Tout va très vite. Les hypothèses de programme des vols présentées en interne à Air France la semaine dernière ne tiennent déjà plus. Alors que la quasi-totalité de la flotte d’Air France et de KLM est clouée au sol, il était encore question d’assurer une offre très ambitieuse en juillet et en août : remettre en ligne 70 à 80% de l’offre en sièges long-courriers initialement prévue cet été avant la crise du Covid, 80 à 90% sur le moyen-courrier et 65 à 75% sur le court-courrier. Sans surprise, ces hypothèses ne tiennent plus. Le directeur général d’Air France-KLM,
Ben Smith, l’a indiqué ce vendredi à des pilotes lors d’une visioconférence. Après une activité minimale en juin où seulement 20% de la capacité globale pourraient être assurés, Ben Smith compte remettre en service en juillet 40% de l’offre (en sièges kilomètres offerts) initialement prévue avant la crise, puis 60% en août, avant d’atteindre 75% au quatrième trimestre au mieux. Ce qui semble encore terriblement ambitieux, au moins pour cet été. Comme beaucoup, le directeur général d’Air France-KLM prévoit une reprise lente et progressive. Pour Ben Smith, il faudra deux ans pour revenir au même niveau que 2019.

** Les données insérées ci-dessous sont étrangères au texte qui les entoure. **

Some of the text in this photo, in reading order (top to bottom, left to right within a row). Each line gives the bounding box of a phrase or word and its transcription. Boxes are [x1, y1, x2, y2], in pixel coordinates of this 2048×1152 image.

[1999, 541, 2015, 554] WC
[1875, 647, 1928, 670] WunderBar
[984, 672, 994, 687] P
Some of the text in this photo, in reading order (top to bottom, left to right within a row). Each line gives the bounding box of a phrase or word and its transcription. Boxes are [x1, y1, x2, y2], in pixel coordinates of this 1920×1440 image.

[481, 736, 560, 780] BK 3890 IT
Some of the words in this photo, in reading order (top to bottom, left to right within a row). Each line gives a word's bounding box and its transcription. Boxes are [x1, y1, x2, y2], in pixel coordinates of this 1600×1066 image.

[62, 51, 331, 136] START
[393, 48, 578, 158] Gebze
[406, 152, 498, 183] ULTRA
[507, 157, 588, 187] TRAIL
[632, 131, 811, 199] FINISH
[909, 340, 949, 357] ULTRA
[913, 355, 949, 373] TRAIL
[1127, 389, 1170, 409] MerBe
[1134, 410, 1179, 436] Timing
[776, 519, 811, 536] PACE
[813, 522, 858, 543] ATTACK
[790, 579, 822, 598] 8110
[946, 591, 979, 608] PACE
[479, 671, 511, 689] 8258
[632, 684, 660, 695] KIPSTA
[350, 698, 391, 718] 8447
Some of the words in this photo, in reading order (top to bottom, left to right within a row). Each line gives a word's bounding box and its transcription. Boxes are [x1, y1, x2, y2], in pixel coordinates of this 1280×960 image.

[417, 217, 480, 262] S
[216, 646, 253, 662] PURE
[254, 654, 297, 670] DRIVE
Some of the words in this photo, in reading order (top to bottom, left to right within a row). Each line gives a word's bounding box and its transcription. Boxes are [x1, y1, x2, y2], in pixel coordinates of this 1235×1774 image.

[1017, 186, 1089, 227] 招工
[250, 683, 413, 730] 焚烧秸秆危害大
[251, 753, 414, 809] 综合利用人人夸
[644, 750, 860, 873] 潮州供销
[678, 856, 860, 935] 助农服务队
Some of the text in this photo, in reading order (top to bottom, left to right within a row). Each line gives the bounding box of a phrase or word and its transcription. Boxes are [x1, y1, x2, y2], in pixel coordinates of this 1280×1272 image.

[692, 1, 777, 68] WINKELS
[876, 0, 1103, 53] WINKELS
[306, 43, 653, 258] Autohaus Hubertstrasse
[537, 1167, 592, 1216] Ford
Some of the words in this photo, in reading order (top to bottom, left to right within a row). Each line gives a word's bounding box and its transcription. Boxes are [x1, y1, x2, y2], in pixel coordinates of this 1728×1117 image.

Perte de 25 millions d’euros par jour
La situation est critique. Air France-KLM perd 25 millions d’euros par jour et Air France n’a aujourd’hui des liquidités que pour tenir jusqu’à début juin. Cela semble un peu exagéré. Selon nos informations, Air France perd entre 500 et 600 millions d’euros par mois (hors prise en charge par l’Etat du chômage partiel). C’est ce qui a été présenté récemment aux représentants du personnel. Le tout pour une trésorerie de 1,5 milliard d’euros (KLM a le même niveau et Air France-KLM dispose d’environ 2,5 milliards).
Deux demandes à l’Etat
Le groupe a besoin une aide extérieure pour se renflouer. “En l’absence de financements complémentaires, un besoin de liquidité est attendu au troisième trimestre 2020”, a prévenu Air France-KLM jeudi dans son communiqué, précisant qu’il s’agissait là de ses “meilleures estimations”.
“En conséquence, le groupe Air France-KLM, Air France et KLM, mènent des discussions approfondies avec leurs gouvernements respectifs et des institutions financières afin de disposer des ressources qui leur permettront de sécuriser et soutenir les niveaux de liquidités adéquats, par tous les moyens”, avait précisé le le groupe.
Des négociations sont en cours avec les Etats français et néerlandais pour obtenir des prêts garantis. Il y a deux demandes à l’Etat français. L’une vise à obtenir des liquidités pour passer la crise à court terme (4 à 5 mois), l’autre est destinée à couvrir les 12 à 18 prochains mois.
Les banques sont réticentes
Problème. Les banques sont réticentes à prêter avec une garantie de l’Etat sur 75% des prêts. Selon les pilotes, Ben Smith chercherait à obtenir un niveau de cash non plafonné garanti à 90% par l’Etat. Le dirigeant canadien serait hostile à une nationalisation d’Air France qui ne serait pas une réponse aux besoins de cash du groupe à court terme, a-t-il dit aux pilotes.
Le faible niveau de capacités prévu d’ici à la fin de l’année va provoquer du sureffectif et un nombre trop important d’appareils. Mais si l’Etat garantit les prêts à Air France, il pourrait exiger au groupe de ne pas licencier. Pour l’heure, la direction ne prévoit pas de licenciements. Le quart de la flotte pourrait néanmoins être supprimé d’ici à la fin de l’année.
Si les deux prochains A350 seront livrés en mai et juin, aucune décision n’a été prise pour le dernier B787 et les deux A350 prévus pour être livrés au quatrième trimestre. Pour l’heure, les prises de livraison des premiers A220 à l’automne 2021 restent inchangées. Ben Smith a bien l’intention d’anticiper la sortie de flotte des A380.